Clean Ocean Action

Earth Day 2024 Press Conference on Plastic Pollution

Clean Ocean Action participated in an Earth Day press conference at the State House in Trenton, NJ. The press conference, held with other environmental groups, followed a special Joint NJ Senate and Assembly Committee hearing focused on the effects of plastics on human health. A screening of the documentary, “We’re All Plastic People Now,” followed.

COA spoke about the success of NJ’s Get Past Plastic Law in reducing plastic waste. COA used data and debris collected at our Beach Sweeps litter cleanups to illustrate that plastic bag and foam plastic food service litter has decreased, but plastic pollution remains a serious problem. Plastic is man-made from fossil fuels, never fully degrades, and has a toxic life cycle which threatens public health and the environment. Plastic waste in the ocean also maims, harms or kills marine life through ingestion and/or entanglement.

Since 1984, COA has worked to implement the most effective policies to reduce and eliminate plastics, especially single-use plastics. The work continues and the Beach Sweeps program provides evidence of the persistent plastic pollution problems that still must be addressed.

Photo by Jo Arlow Photography taken at COA's Spring 2024 Beach Sweeps, Plum Island B.

The Problems with Plastics:

  • 310,739: Total number of plastic items removed by volunteers at the 2022 Beach Sweeps in New Jersey.
  • Oil, gas, & coal are the fossil-fuel building blocks of plastics.
  • The entire lifecycle of plastics causes air, land, & water pollution.
  • Plastics have been found in human food, as well as blood, heart, lung, brain, & other organs.

The Solutions: How Can YOU Help?


Wave Goodbye to Plastic Carryout Bags & Foam Plastics! (And Skip the Straw, too!)

Good job, New Jersey! In just 5 months of the full law coming into effect in May 2022, the New Jersey Food Council estimates that 3.44 BILLION plastic bags and 68 million paper bags have been eliminated from the waste stream as a result of this law! In addition, 8.4 million single-use bags are not being distributed annually! Clearly, the law is having a positive impact on our communities and the environment. Keep it up!
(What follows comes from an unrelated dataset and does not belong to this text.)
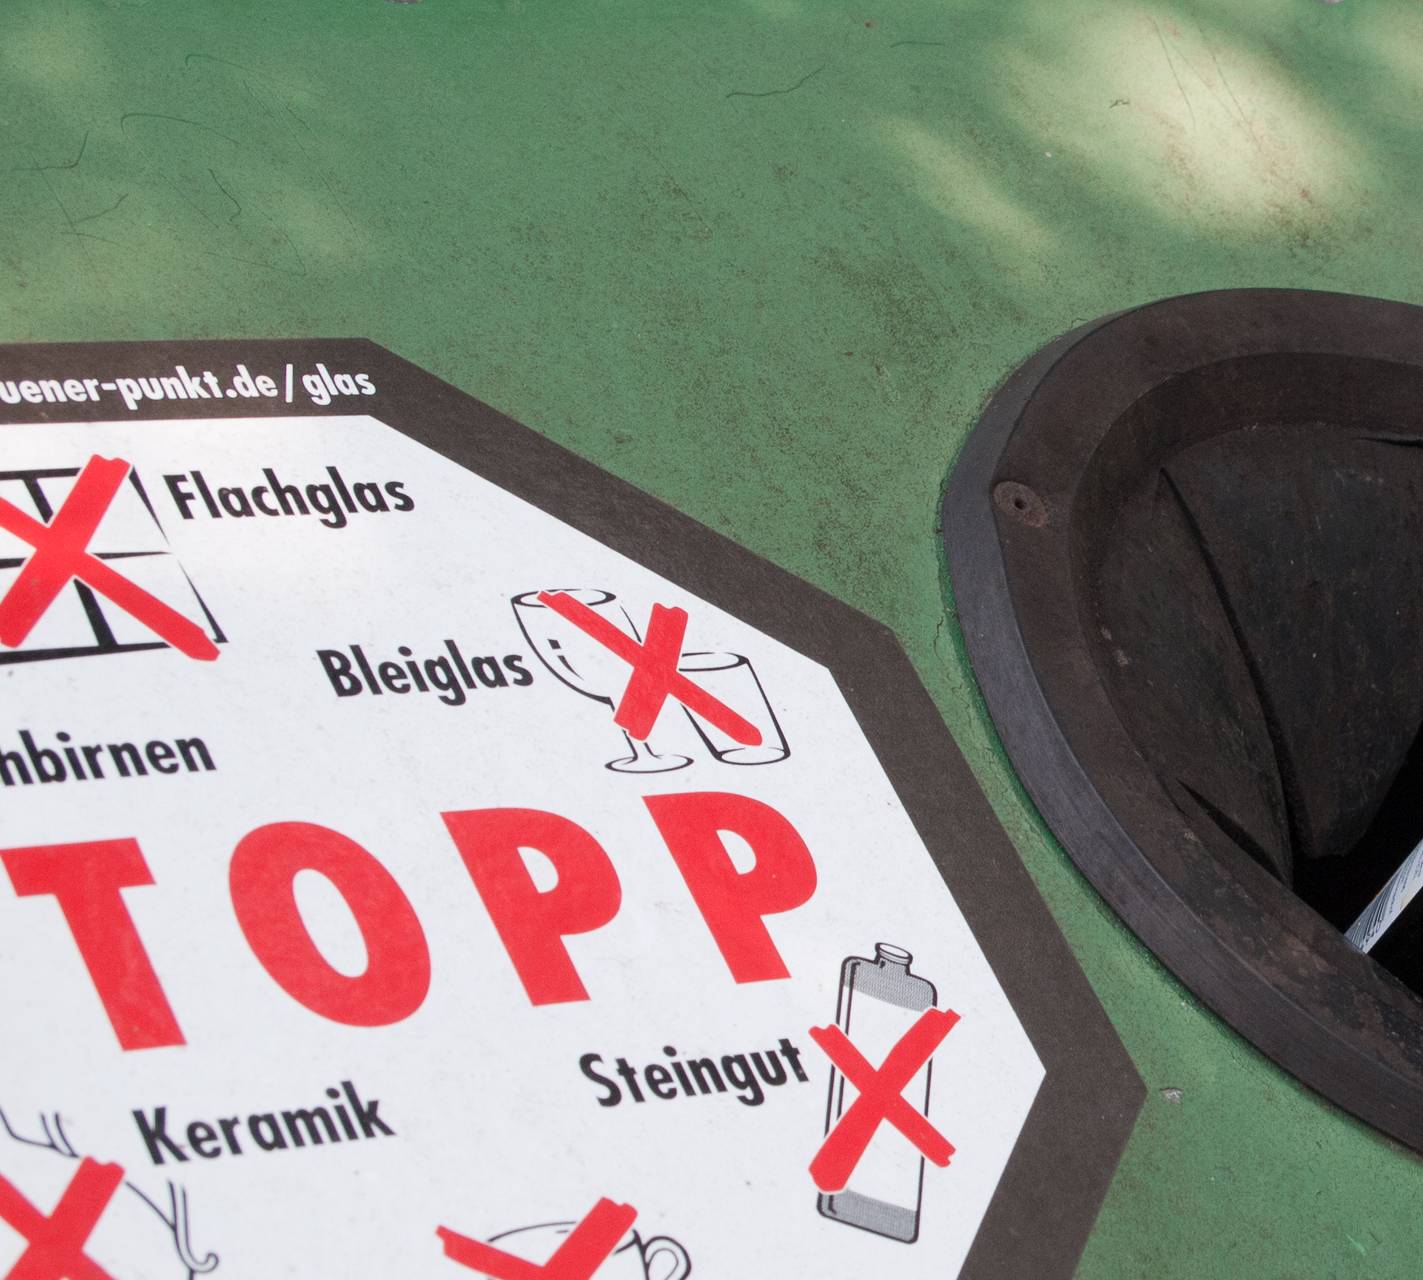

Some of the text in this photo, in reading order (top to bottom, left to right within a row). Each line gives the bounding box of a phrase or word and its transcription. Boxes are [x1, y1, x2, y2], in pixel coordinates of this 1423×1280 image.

On May 4, 2022, the Single-Use Waste Reduction Act (P.L.2020, c.117) came into effect. This law significantly restricts the availability of single-use plastic bags, polystyrene food service products, and single-use paper bags within the Garden State. More information about the law and the upcoming implementation of its provisions concerning single-use plastic bags, single-use paper bags, polystyrene foam food products, and plastic straws can be found on NJDEP’s website at NJDEP has also indicated that any comments or questions about the law for the Department should be submitted via email to or via telephone at (609) 984-4250.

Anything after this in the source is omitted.